満足度★★★
リズミカルなトリプル・ビル
アメリカと縁深い振付家や作曲家が関わっている、物語のない抽象バレエ作品のトリプル・ビルで、エンターテインメント性に富んだプログラミングでした。
『コンチェルト・バロッコ』
バッハの『2つのヴァイオリンのための協奏曲』に振り付けた作品で、ソロとトゥッティの対比や、カノン状に進行する旋律線といった音楽構造が視覚化されていて爽快でした。

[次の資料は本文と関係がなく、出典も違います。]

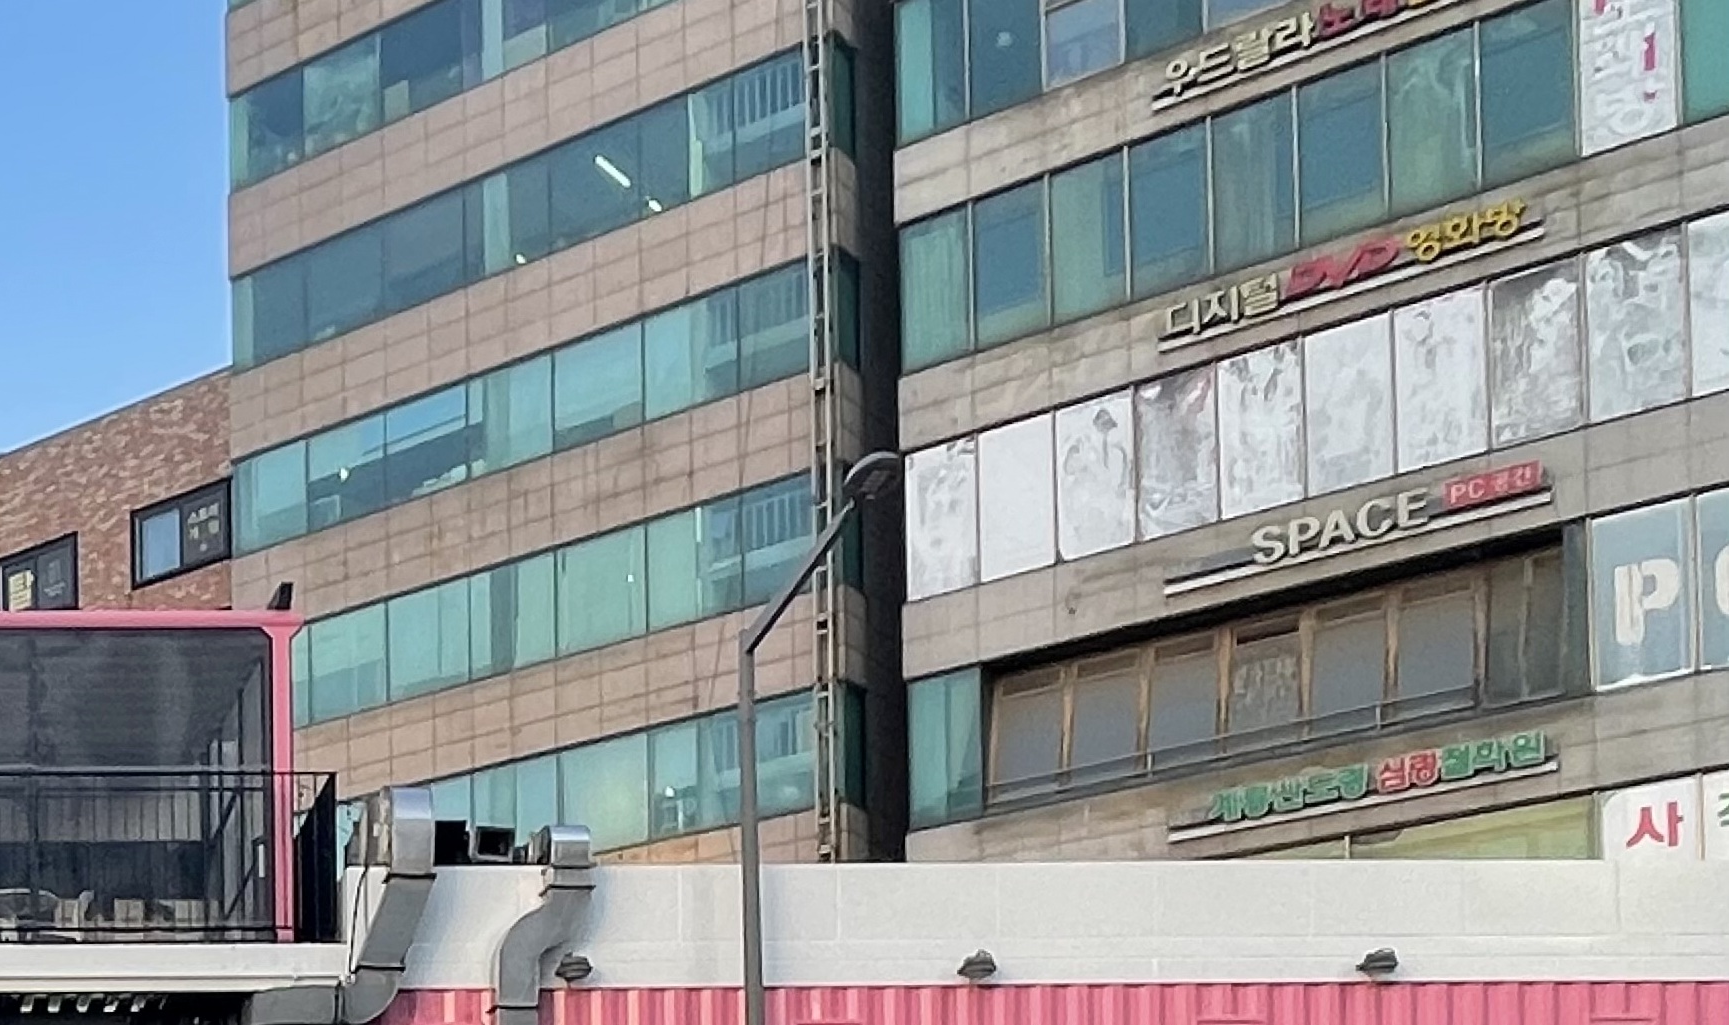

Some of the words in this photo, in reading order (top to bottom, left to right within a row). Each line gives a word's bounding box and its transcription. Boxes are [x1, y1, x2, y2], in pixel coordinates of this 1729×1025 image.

第1楽章はオーケストラとダンサーがお互い探りあっている感じもありましたが、次第に音と動きの一体感が増して行き、第3楽章のユニゾンの部分では心地良い緊迫感があって素晴らしかったです。
『テイク・ファイヴ』
昨年亡くなったデイヴ・ブルーベックのカルテットの曲に振り付けた作品で、ミュージカルみたいな雰囲気が楽しかったです。6つのパートからなっていて、冒頭に踊られる『テイク・ファイヴ』にちなんで、その他のパートも曲の原タイトルとは別に、数字を含んだタイトルが付けられ、その数の人数で踊るという構成が洒落ていました。
本島美和さんと厚地康雄さんのデュオに大人の色気が感じられて良かったです。
『イン・ジ・アッパー・ルーム』
ビッグシルエットのストライプのシャツとパンツや、赤いレオタードに白のスニーカーといった衣装を身に纏い、多量のスモークの中でエネルギッシュに踊る作品で、この作品が作られた80年代の雰囲気が色濃く出ていて、ダサ格好良い感じが新鮮でした。
まるでスポーツの様にひたすら踊り続ける、かなりの体力を要求される作品でしたが、終盤の畳み掛けるシーンまでスタミナが続かずミスが多かったのが残念でした。